▸ **The problem**
Repeat the records below exactly. Omit the pictures.

Start of Study material

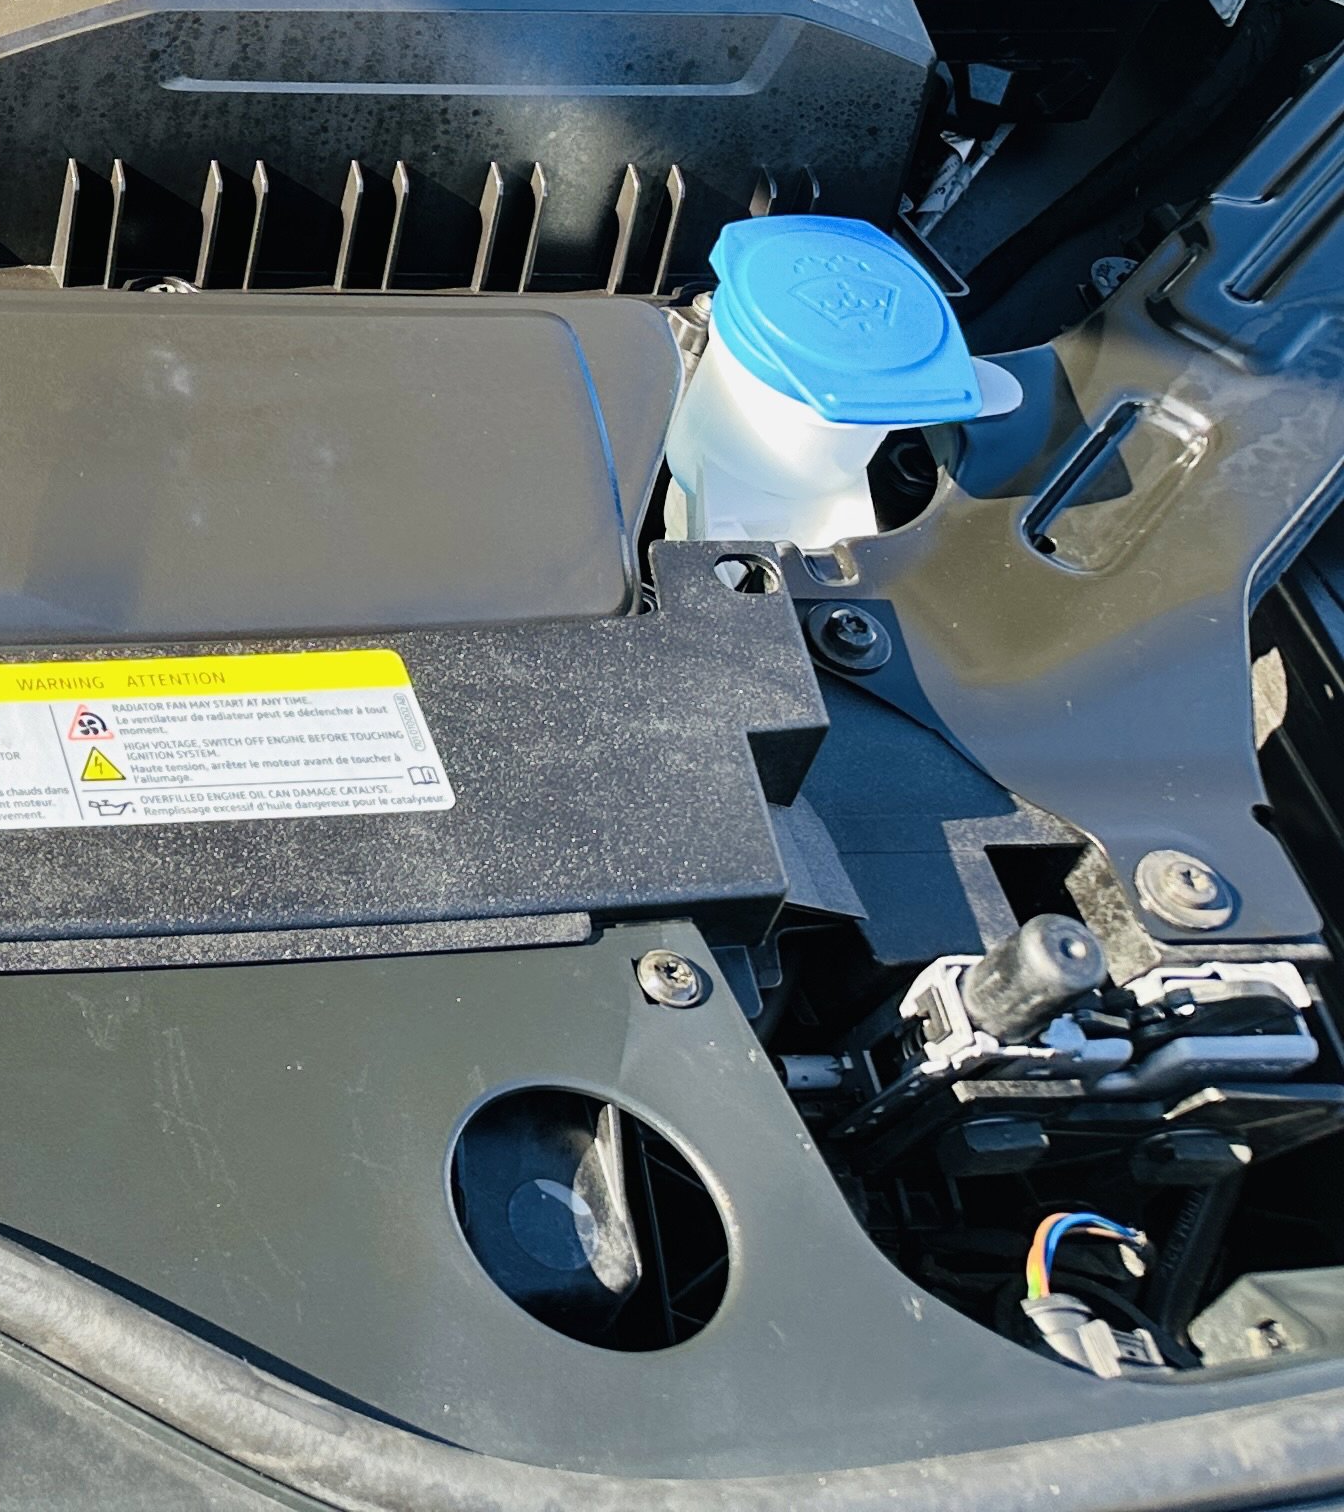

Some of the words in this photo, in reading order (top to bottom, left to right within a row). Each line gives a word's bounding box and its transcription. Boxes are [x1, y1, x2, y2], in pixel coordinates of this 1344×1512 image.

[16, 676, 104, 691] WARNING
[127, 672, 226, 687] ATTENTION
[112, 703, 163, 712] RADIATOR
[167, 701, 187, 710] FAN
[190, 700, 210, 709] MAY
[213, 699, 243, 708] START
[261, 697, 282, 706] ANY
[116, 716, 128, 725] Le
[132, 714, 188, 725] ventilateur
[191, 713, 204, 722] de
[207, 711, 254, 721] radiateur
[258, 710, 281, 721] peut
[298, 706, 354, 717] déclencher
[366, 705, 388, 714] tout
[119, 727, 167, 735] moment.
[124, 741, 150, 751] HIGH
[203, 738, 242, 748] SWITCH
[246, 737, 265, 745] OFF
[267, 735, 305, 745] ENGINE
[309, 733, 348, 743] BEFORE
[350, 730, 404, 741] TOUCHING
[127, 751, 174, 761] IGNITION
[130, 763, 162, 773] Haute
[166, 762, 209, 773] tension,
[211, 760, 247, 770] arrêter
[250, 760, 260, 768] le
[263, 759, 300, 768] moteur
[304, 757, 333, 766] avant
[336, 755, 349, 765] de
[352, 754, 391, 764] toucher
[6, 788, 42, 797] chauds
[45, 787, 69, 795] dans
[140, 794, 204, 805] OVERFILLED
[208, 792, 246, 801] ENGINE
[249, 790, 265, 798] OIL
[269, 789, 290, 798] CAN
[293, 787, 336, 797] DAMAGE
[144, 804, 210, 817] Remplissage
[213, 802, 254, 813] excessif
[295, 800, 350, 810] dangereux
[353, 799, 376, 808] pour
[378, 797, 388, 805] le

End of Study material

▸ **Output for this exercise**
Some of the words in this photo, in reading order (top to bottom, left to right within a row). Each line gives a word's bounding box and its transcription. Boxes are [x1, y1, x2, y2], in pixel coordinates of this 1344×1512 image.

[16, 676, 104, 691] WARNING
[127, 672, 226, 687] ATTENTION
[112, 703, 163, 712] RADIATOR
[167, 701, 187, 710] FAN
[190, 700, 210, 709] MAY
[213, 699, 243, 708] START
[261, 697, 282, 706] ANY
[116, 716, 128, 725] Le
[132, 714, 188, 725] ventilateur
[191, 713, 204, 722] de
[207, 711, 254, 721] radiateur
[258, 710, 281, 721] peut
[298, 706, 354, 717] déclencher
[366, 705, 388, 714] tout
[119, 727, 167, 735] moment.
[124, 741, 150, 751] HIGH
[203, 738, 242, 748] SWITCH
[246, 737, 265, 745] OFF
[267, 735, 305, 745] ENGINE
[309, 733, 348, 743] BEFORE
[350, 730, 404, 741] TOUCHING
[127, 751, 174, 761] IGNITION
[130, 763, 162, 773] Haute
[166, 762, 209, 773] tension,
[211, 760, 247, 770] arrêter
[250, 760, 260, 768] le
[263, 759, 300, 768] moteur
[304, 757, 333, 766] avant
[336, 755, 349, 765] de
[352, 754, 391, 764] toucher
[6, 788, 42, 797] chauds
[45, 787, 69, 795] dans
[140, 794, 204, 805] OVERFILLED
[208, 792, 246, 801] ENGINE
[249, 790, 265, 798] OIL
[269, 789, 290, 798] CAN
[293, 787, 336, 797] DAMAGE
[144, 804, 210, 817] Remplissage
[213, 802, 254, 813] excessif
[295, 800, 350, 810] dangereux
[353, 799, 376, 808] pour
[378, 797, 388, 805] le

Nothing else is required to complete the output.